**Task statement:**
Please repeat every record exactly, leaving out any pictures.

**The records:**
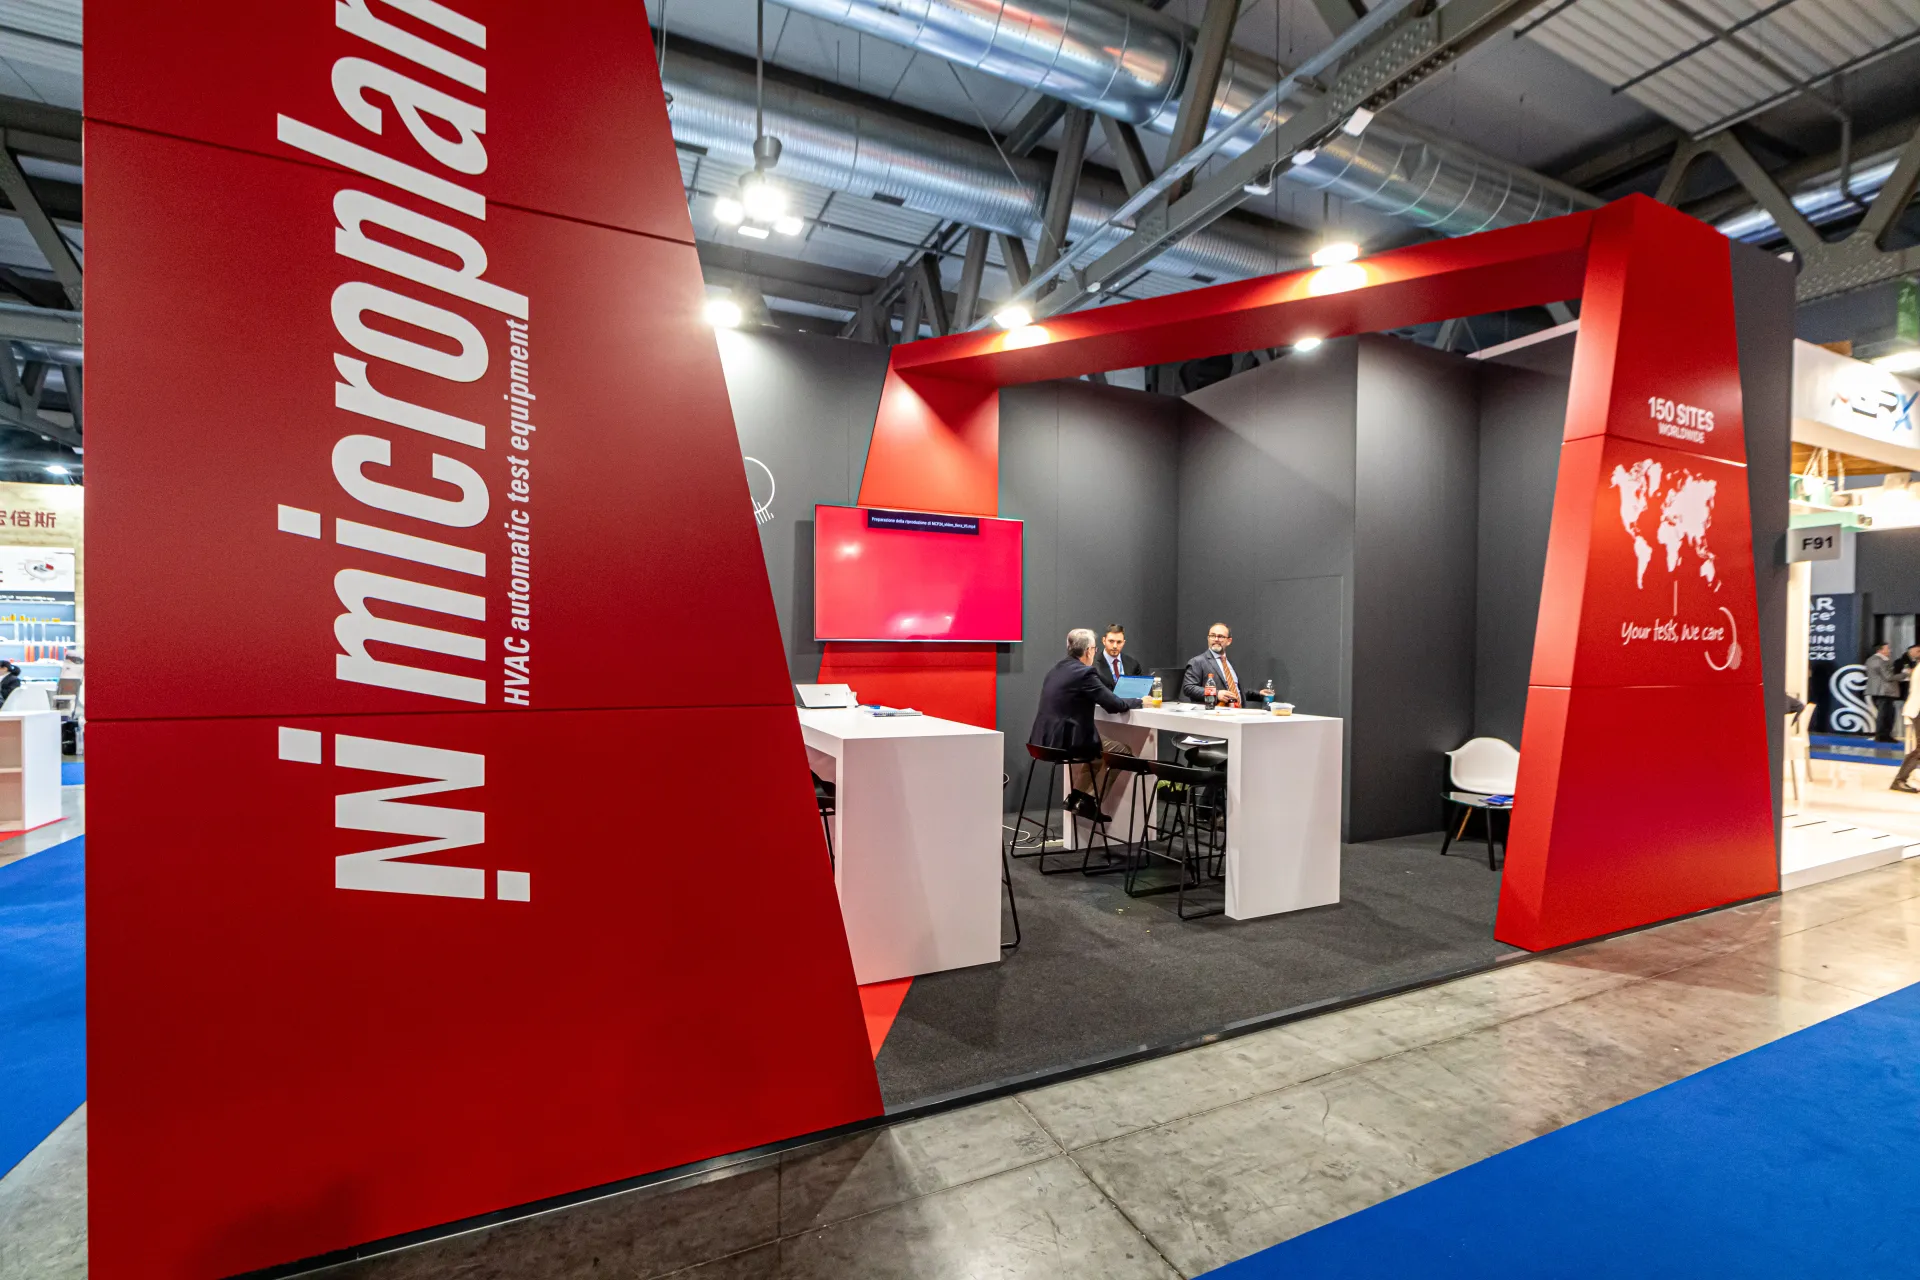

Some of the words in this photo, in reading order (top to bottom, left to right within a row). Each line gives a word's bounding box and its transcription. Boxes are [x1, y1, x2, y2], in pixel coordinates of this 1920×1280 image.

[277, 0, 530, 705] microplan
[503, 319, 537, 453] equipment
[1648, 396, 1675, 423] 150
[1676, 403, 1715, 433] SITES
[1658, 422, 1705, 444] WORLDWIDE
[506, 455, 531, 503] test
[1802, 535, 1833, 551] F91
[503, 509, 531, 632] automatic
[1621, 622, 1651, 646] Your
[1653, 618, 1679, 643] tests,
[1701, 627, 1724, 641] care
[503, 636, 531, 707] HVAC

**Solution below:**
Some of the words in this photo, in reading order (top to bottom, left to right within a row). Each line gives a word's bounding box and its transcription. Boxes are [x1, y1, x2, y2], in pixel coordinates of this 1920×1280 image.

[277, 0, 530, 705] microplan
[503, 319, 537, 453] equipment
[1648, 396, 1675, 423] 150
[1676, 403, 1715, 433] SITES
[1658, 422, 1705, 444] WORLDWIDE
[506, 455, 531, 503] test
[1802, 535, 1833, 551] F91
[503, 509, 531, 632] automatic
[1621, 622, 1651, 646] Your
[1653, 618, 1679, 643] tests,
[1701, 627, 1724, 641] care
[503, 636, 531, 707] HVAC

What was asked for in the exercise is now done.